¿Cuál fue tu primer encuentro con el movimiento?, ¿cómo te diste cuenta de tu vocación como sacerdote? y ¿cómo supiste que querías ser misionero?
Encontré el movimiento cuando tenía 14 años. Yo nací y crecí en Milán. Cuando asistí a la preparatoria se podía escoger tomar la clase de religión. El sacerdote, que era mi maestro, me invitó al raggio, que era la “Escuela de comunidad” para preparatorianos de aquel entonces. La invitación al raggio tenía un tema y una pregunta. A veces el tema consistía en una frase del Evangelio. El tema que me llamó mucho la atención fue la canción de Vasco Rossi, un cantautor muy famoso de la época, que todavía vive. La letra de la canción decía que él quería una vida más allá de todos los límites. El título era “Vita spericolata”.
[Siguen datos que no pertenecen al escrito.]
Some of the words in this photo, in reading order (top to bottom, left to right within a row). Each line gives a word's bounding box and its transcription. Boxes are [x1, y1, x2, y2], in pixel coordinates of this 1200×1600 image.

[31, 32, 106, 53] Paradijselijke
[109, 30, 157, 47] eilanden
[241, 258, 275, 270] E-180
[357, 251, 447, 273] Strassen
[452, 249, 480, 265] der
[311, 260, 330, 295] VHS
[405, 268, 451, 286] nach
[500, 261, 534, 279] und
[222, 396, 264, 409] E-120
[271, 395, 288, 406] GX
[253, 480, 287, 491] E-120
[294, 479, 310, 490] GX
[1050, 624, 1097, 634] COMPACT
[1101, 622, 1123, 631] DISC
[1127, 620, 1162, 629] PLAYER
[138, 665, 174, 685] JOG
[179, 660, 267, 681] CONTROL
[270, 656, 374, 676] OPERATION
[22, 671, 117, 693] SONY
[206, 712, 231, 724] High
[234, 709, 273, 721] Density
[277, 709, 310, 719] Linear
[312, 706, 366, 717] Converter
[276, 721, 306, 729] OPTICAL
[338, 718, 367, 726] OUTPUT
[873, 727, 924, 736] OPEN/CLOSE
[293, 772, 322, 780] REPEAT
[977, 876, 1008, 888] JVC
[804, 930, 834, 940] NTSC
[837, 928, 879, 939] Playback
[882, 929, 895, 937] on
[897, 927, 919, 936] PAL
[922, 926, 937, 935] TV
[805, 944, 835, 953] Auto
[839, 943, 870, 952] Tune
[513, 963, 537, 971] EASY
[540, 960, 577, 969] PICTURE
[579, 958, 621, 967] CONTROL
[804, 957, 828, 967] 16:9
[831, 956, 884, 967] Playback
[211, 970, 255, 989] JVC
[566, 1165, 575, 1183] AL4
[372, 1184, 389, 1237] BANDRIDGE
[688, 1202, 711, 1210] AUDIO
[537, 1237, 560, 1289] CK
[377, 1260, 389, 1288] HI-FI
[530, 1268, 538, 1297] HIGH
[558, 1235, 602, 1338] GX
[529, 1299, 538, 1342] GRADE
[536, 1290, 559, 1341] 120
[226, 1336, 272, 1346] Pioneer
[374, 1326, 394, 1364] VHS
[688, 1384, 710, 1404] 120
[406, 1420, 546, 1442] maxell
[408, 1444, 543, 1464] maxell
Era una canción que todos cantábamos. Los que teníamos fe, considerábamos que era atractiva, pero a su vez no valía la pena tomársela en serio. Por lo tanto, que la canción fuera el tema del raggio, para mí significaba que me podría tomar en serio cualquier cosa que me atrajera. La letra de la canción dice que un día nos encontraremos, después de haber desperdiciado la vida. Nos veremos en un bar para tomar whisky, y cada quien habrá tenido sus propios problemas y su camino. La pregunta que acompañaba la invitación al raggio era: ¿Yo quiero esto de mi vida?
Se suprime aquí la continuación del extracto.